TASK PROMPT = Print the entries that appear below, exactly as written and without their pictures.
╭─ DATA TO PROCESS
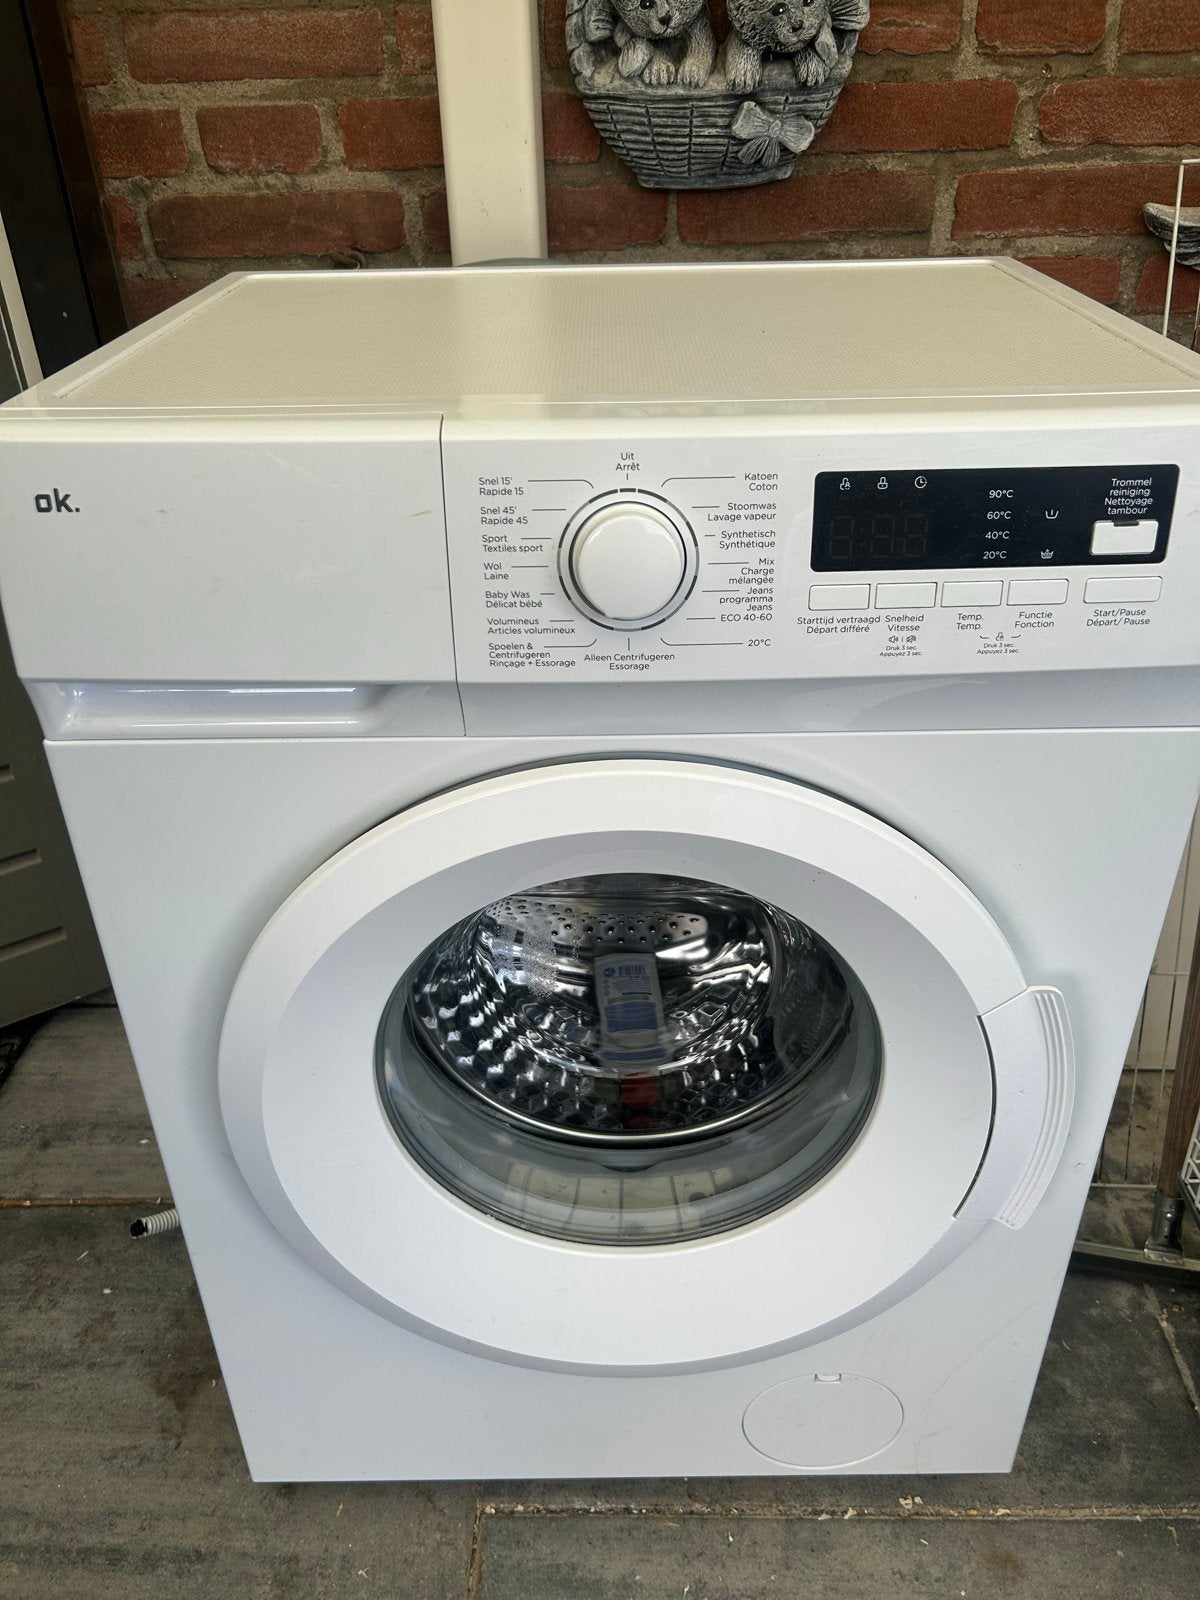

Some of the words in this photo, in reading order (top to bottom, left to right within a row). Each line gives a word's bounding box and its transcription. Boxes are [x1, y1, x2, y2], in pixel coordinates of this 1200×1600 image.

[620, 452, 634, 460] Uit
[616, 462, 642, 471] Arrêt
[479, 477, 498, 485] Snel
[501, 477, 512, 485] 15'
[1111, 478, 1152, 487] Trommel
[480, 488, 512, 496] Rapide
[989, 490, 1014, 498] 90°C
[1110, 488, 1150, 497] reiniging
[35, 488, 80, 512] ok.
[1104, 498, 1153, 506] Nettoyage
[728, 502, 776, 510] Stoomwas
[708, 514, 741, 522] Lavage
[987, 511, 1012, 520] 60°C
[481, 517, 514, 526] Rapide
[482, 535, 508, 543] Sport
[721, 530, 776, 540] Synthetisch
[985, 531, 1010, 539] 40°C
[519, 545, 544, 553] sport
[720, 540, 775, 550] Synthétique
[983, 551, 1007, 559] 20°C
[741, 567, 774, 576] Charge
[729, 576, 774, 585] mélangée
[486, 591, 508, 600] Baby
[720, 596, 773, 604] programma
[957, 613, 984, 622] Temp.
[1094, 609, 1146, 618] Start/Pause
[797, 616, 834, 625] Starttijd
[836, 615, 880, 624] vertraagd
[807, 626, 837, 635] Départ
[956, 623, 983, 631] Temp.
[488, 643, 524, 652] Spoelen
[489, 651, 550, 660] Centrifugeren
[614, 654, 675, 662] Centrifugeren
[490, 660, 526, 668] Rinçage
[536, 660, 576, 668] Essorage
╰─
RESULT BELOW =
Some of the words in this photo, in reading order (top to bottom, left to right within a row). Each line gives a word's bounding box and its transcription. Boxes are [x1, y1, x2, y2], in pixel coordinates of this 1200×1600 image.

[620, 452, 634, 460] Uit
[616, 462, 642, 471] Arrêt
[479, 477, 498, 485] Snel
[501, 477, 512, 485] 15'
[1111, 478, 1152, 487] Trommel
[480, 488, 512, 496] Rapide
[989, 490, 1014, 498] 90°C
[1110, 488, 1150, 497] reiniging
[35, 488, 80, 512] ok.
[1104, 498, 1153, 506] Nettoyage
[728, 502, 776, 510] Stoomwas
[708, 514, 741, 522] Lavage
[987, 511, 1012, 520] 60°C
[481, 517, 514, 526] Rapide
[482, 535, 508, 543] Sport
[721, 530, 776, 540] Synthetisch
[985, 531, 1010, 539] 40°C
[519, 545, 544, 553] sport
[720, 540, 775, 550] Synthétique
[983, 551, 1007, 559] 20°C
[741, 567, 774, 576] Charge
[729, 576, 774, 585] mélangée
[486, 591, 508, 600] Baby
[720, 596, 773, 604] programma
[957, 613, 984, 622] Temp.
[1094, 609, 1146, 618] Start/Pause
[797, 616, 834, 625] Starttijd
[836, 615, 880, 624] vertraagd
[807, 626, 837, 635] Départ
[956, 623, 983, 631] Temp.
[488, 643, 524, 652] Spoelen
[489, 651, 550, 660] Centrifugeren
[614, 654, 675, 662] Centrifugeren
[490, 660, 526, 668] Rinçage
[536, 660, 576, 668] Essorage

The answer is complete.